L.A. County faces ‘three weeks of devastation’ before COVID-19 surge might slow, experts say
The coronavirus wave engulfing California over the last week seems to confirm that the worst of the surge is far from over.
But how bad will it get?
The numbers — which have reached record proportions — still don’t reflect anyone who may have gotten sick during Thanksgiving. Generally, it takes two weeks after an event to determine whether coronavirus transmission occurred, and two additional weeks for hospitalization numbers to increase as a result.
It also will take several weeks for the effects of the latest stay-at-home order, which began in Los Angeles County last week and in much of California just before midnight Monday.
“The stay-at-home orders worked the first time around in that we did, in a sense, flatten the curve and see decreases occurring,” said Dr. Robert Kim-Farley, an epidemiologist and infectious diseases expert at the UCLA Fielding School of Public Health. “So I think we in public health are hopeful that these new regional stay-at-home orders will be able to also reverse this upward trend.”
But the order will hit retailers and essential workers hard at a time when relief from Washington has dried up.
The pandemic that has killed nearly 20,000 Californians and brought an economy to its knees entered a treacherous phase Sunday as much of the state began a new stay-at-home order and coronavirus cases soar.
Sounding alarms
Health experts sounded the alarm as California reported yet another day of record high coronavirus cases and Los Angeles County reported its first daily total that exceeded 10,000 infections. The rise has prompted more than 33 million Californians to be under a regional stay-at-home order. Top health officials say the controls are needed to make sure other holidays don’t become super-spreader events.
“Every state across this country needs to increase their mitigation, and every state needs to be critically informing their state population that the gatherings we saw in Thanksgiving will lead to a surge. It will happen this week and next week,” Deborah Birx, the White House’s coronavirus response coordinator, said on “Meet the Press.”
“We cannot go into the holiday season — Christmas, Hanukkah, Kwanzaa — with the same kind of attitude that: ‘Those gatherings don’t apply to me.’ They apply to everyone, if you don’t want to lose your grandparents, your aunt,” she added.
A rise in COVID-19 cases prompts L.A. school officials to reverse course on reopening. For the rest of the semester, all students will learn from home.
No signs of letting up
Los Angeles County, a hot spot for the virus in California, reported more than 10,500 new cases Sunday. Hospitalizations for COVID-19 neared 3,000.
It was the seventh consecutive day of record-breaking COVID-19 hospitalizations in L.A. County, and more than quadruple the number from early October, when there were about 700 people hospitalized with the disease.
Statewide, average daily coronavirus cases have jumped sixfold since early October, hospitalizations have quadrupled since late October and average daily deaths have nearly tripled in the last month.

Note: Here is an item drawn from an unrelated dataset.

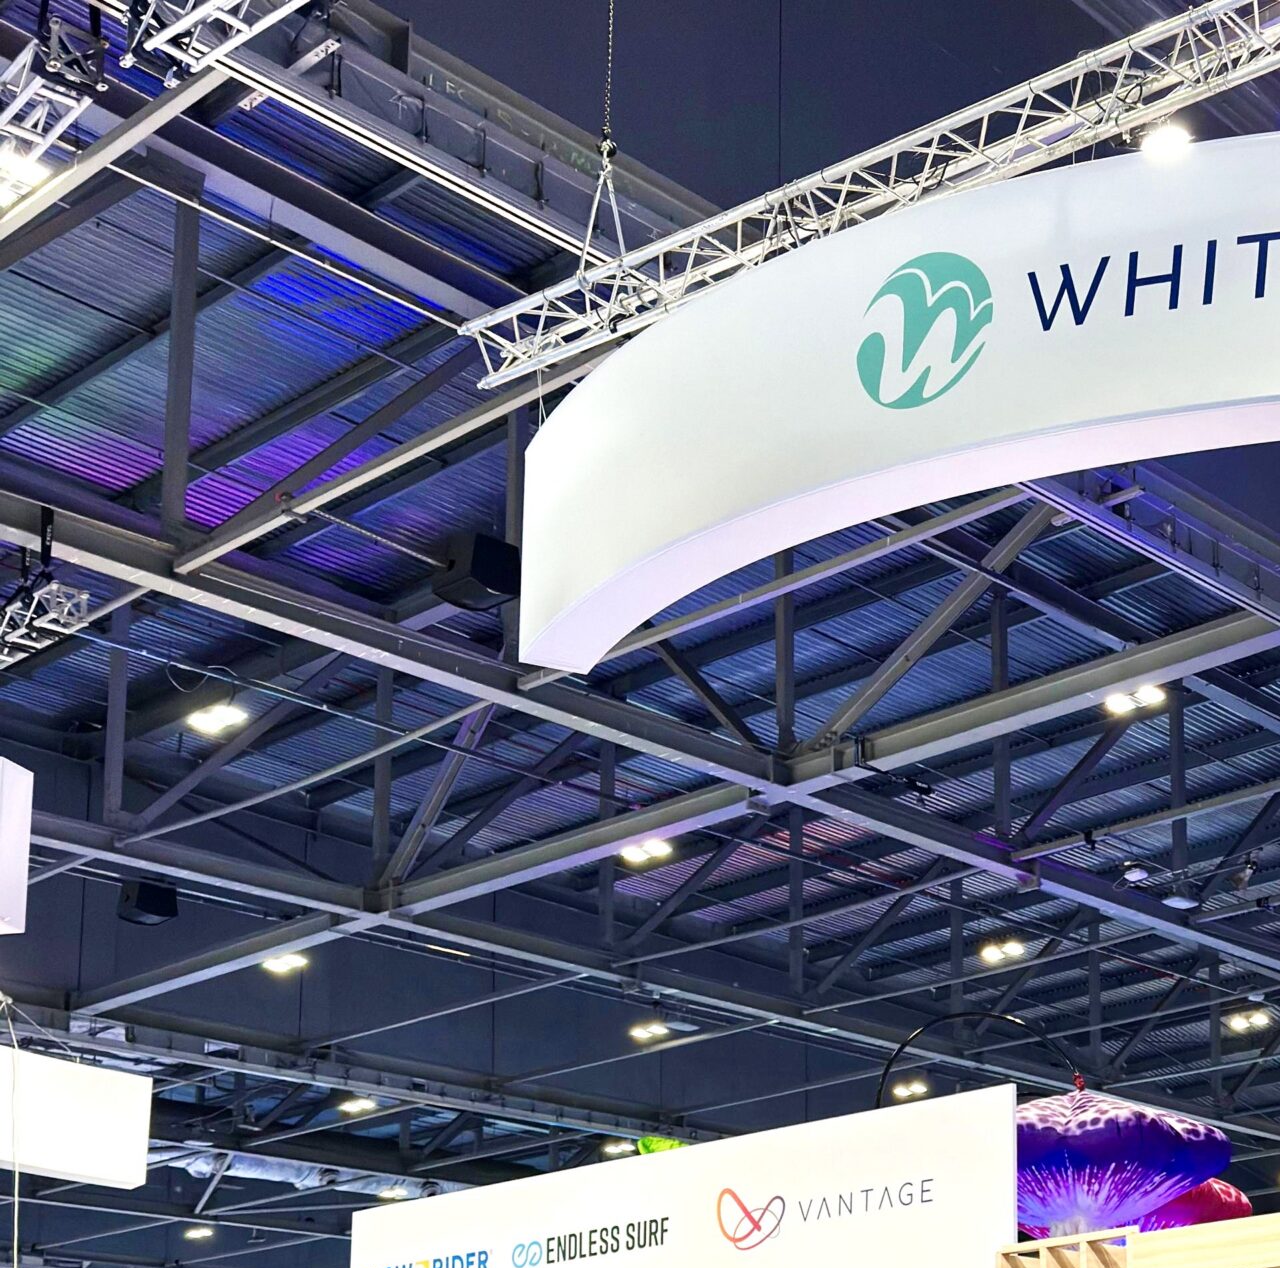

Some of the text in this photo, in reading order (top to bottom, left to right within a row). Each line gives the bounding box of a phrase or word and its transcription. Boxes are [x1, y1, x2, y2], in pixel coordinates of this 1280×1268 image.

[798, 1178, 935, 1222] VANTAGE
[546, 1216, 670, 1265] ENDLESS SURF
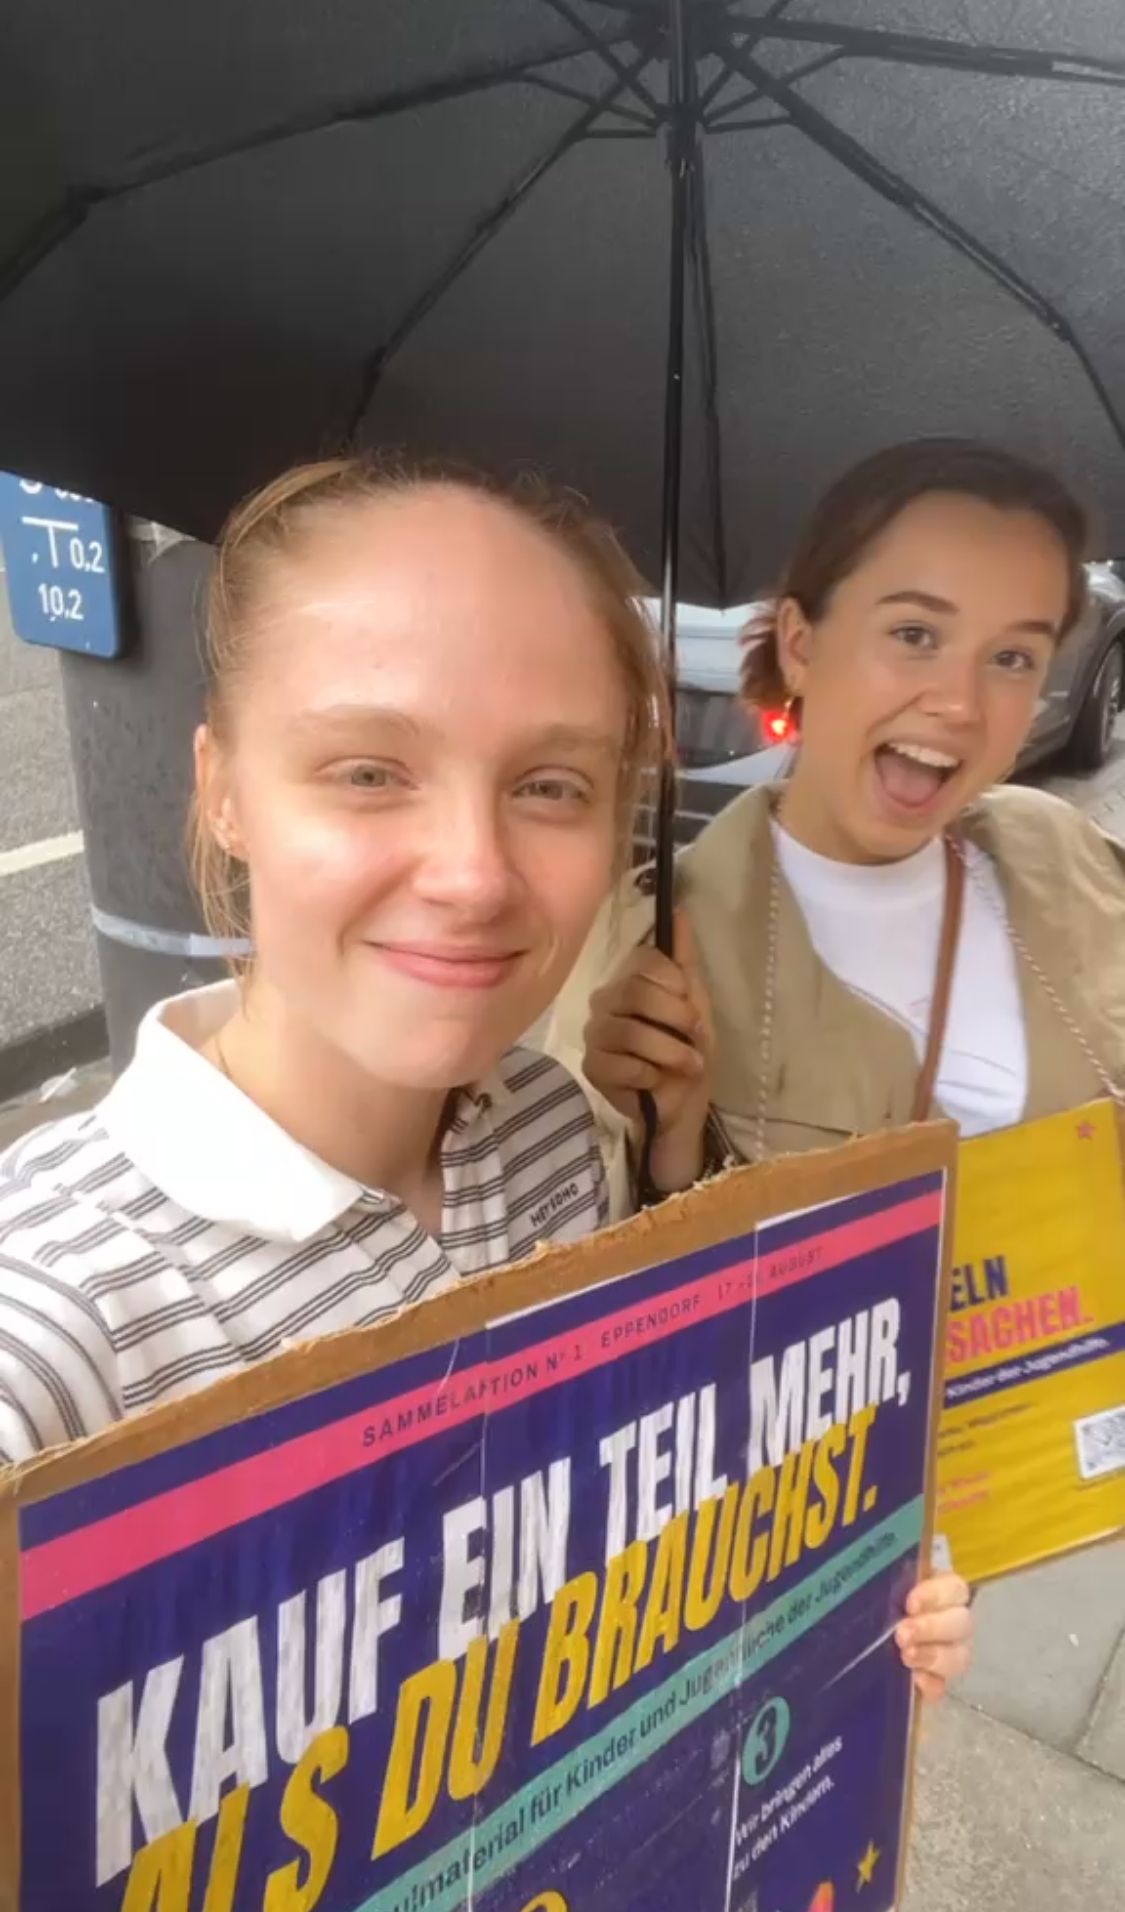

Kim-Farley said the trend “means basically that the virus is everywhere, and therefore we’re applying these stay-at-home orders because of the fact that every place is now at higher risk of transmission. I think we have moved from characterizing this as a surge, in my mind, to being basically a viral tsunami in terms of its size.”
Some experts say a harm-reduction approach to public health — educating people how to mitigate risk in their activities — would be more effective than all-or-nothing pleas to abstain from contact with other people.
Grim forecast
In an interview Sunday, L.A. County Public Health Director Babrara Ferrer was blunt in her assessment: “We’re going to see three weeks of devastation before we’ll be able to assess the impact.”
“I am positive that we haven’t seen the full increases in our case numbers associated with the Thanksgiving holiday, just based on the timeline,” she said.
She believes the new restrictions will help — but that will take time. For now, she sees hospitalization surging to as high as 4,000 in the coming weeks.